If one of them were ever to go bankrupt, “you’d go through a lengthy, messy litigation to get your coins,” Lombardi said. “If you have your crypto with a bank and there’s a bankruptcy, there is a very orderly structured way to dissolve that entity and return assets to their owners.”
Much needed clarity
BNY Mellon also serves broker-dealers, so coming to market gives clarity on many other issues people don’t talk much about, according to Lombardi.
Glaringly absent has been input from FINRA, a self-regulatory organization that regulates member brokerage firms and exchange markets, on what broker-dealers can do with digital assets.
“There’s a reason you haven’t seen any brokers on Wall Street service digital assets,” he said. “It’s not because they were waiting for the OCC to wave its flag — it’s because it’s not in the rulebook.”
FINRA-registered broker-dealers can’t hold bitcoin and it’s partly because FINRA hasn’t outright said that a trust company is a permissible form of custody, he said, emphasizing that a proper custodian needs to be a fiduciary bank.
Lombardi is skeptical a U.S. bitcoin ETF will be approved in 2021. To manage an efficient and effective ETF, he said, FINRA-registered banks would have to own bitcoin. They can’t not only because they’re not a bank of custody, but also because there isn’t guidance from FINRA on how to manage digital assets.
“In the U.S. securities exams, no one talks about bitcoin or crypto,” Lombardi said. “The fact that it’s not even in the exams is basically an implied statement: it’s not in your securities license exams, so it’s not in the realm of your profession.”
When will other banks follow BNY’s example?
BNY Mellon is the first of the five major global custodian banks – which also include State Street, JPMorgan Chase, Citigroup and BNP Paribas – to offer a custody service for digital assets.

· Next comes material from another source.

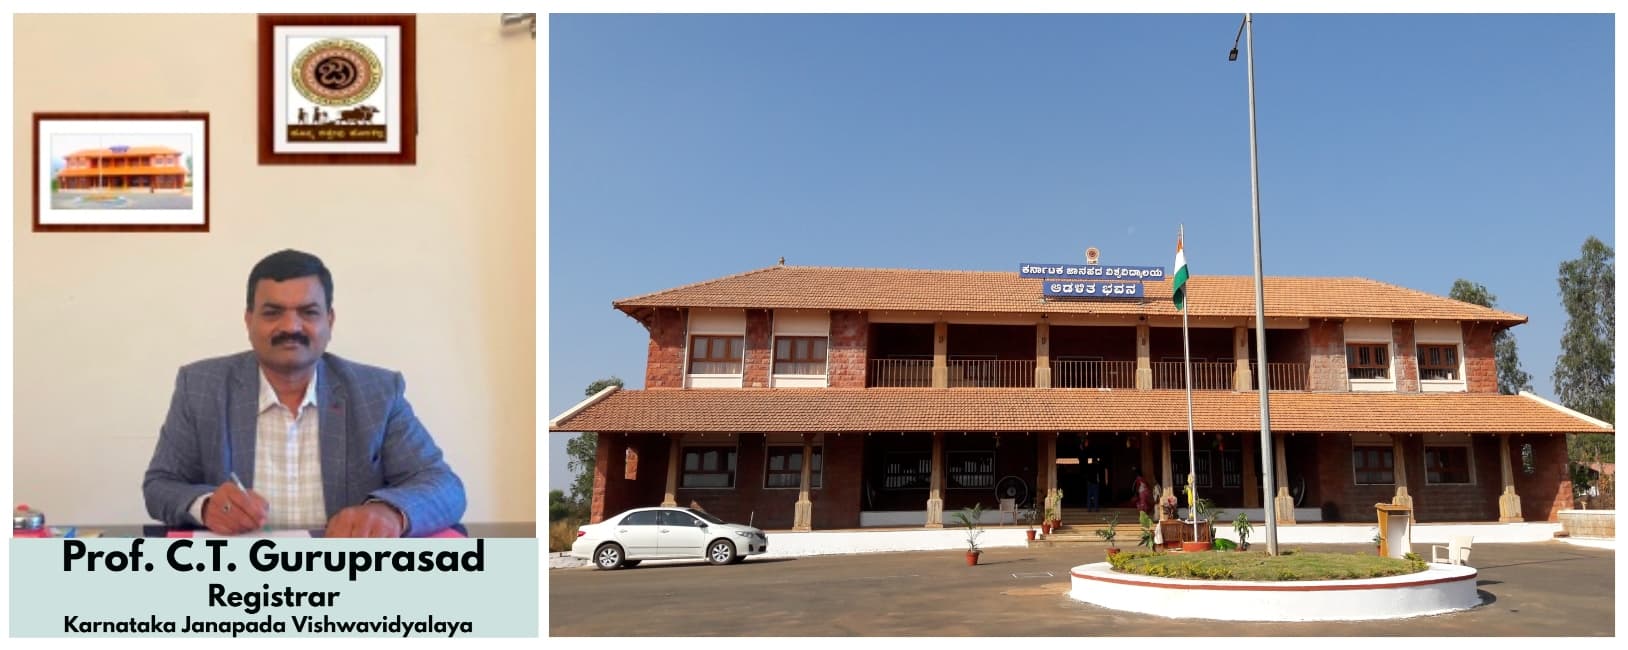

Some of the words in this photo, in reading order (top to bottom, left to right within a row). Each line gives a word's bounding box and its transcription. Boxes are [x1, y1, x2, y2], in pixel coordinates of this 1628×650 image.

[1022, 265, 1064, 274] ಕರ್ನಾಟಕ
[1066, 267, 1103, 276] ಜಾನಪದ
[1105, 268, 1162, 279] ವಿಶ್ವವಿದ್ಯಾಲಯ
[1101, 284, 1136, 295] ಭವನ

JPMorgan, Citi and Goldman Sachs are all in exploratory stages. On Friday, JPMorgan co-president Daniel Pinto said demand by asset managers “isn’t there yet” but that he’s “sure it will be at some point,” in a CNBC interview. “If over time an asset class develops that is going to be used by different asset managers and investors, we will have to be involved,” he said.
In December Northern Trust and Fidelity’s digital assets subsidiary began offering custody services to clients after forming partnerships with crypto startups.
“The fact that the largest asset security custodian in the world is building a track for digital assets, namely bitcoin — this is a part of the institutional stack for crypto adoption that moves us forward in a significant way,” Lombardi said.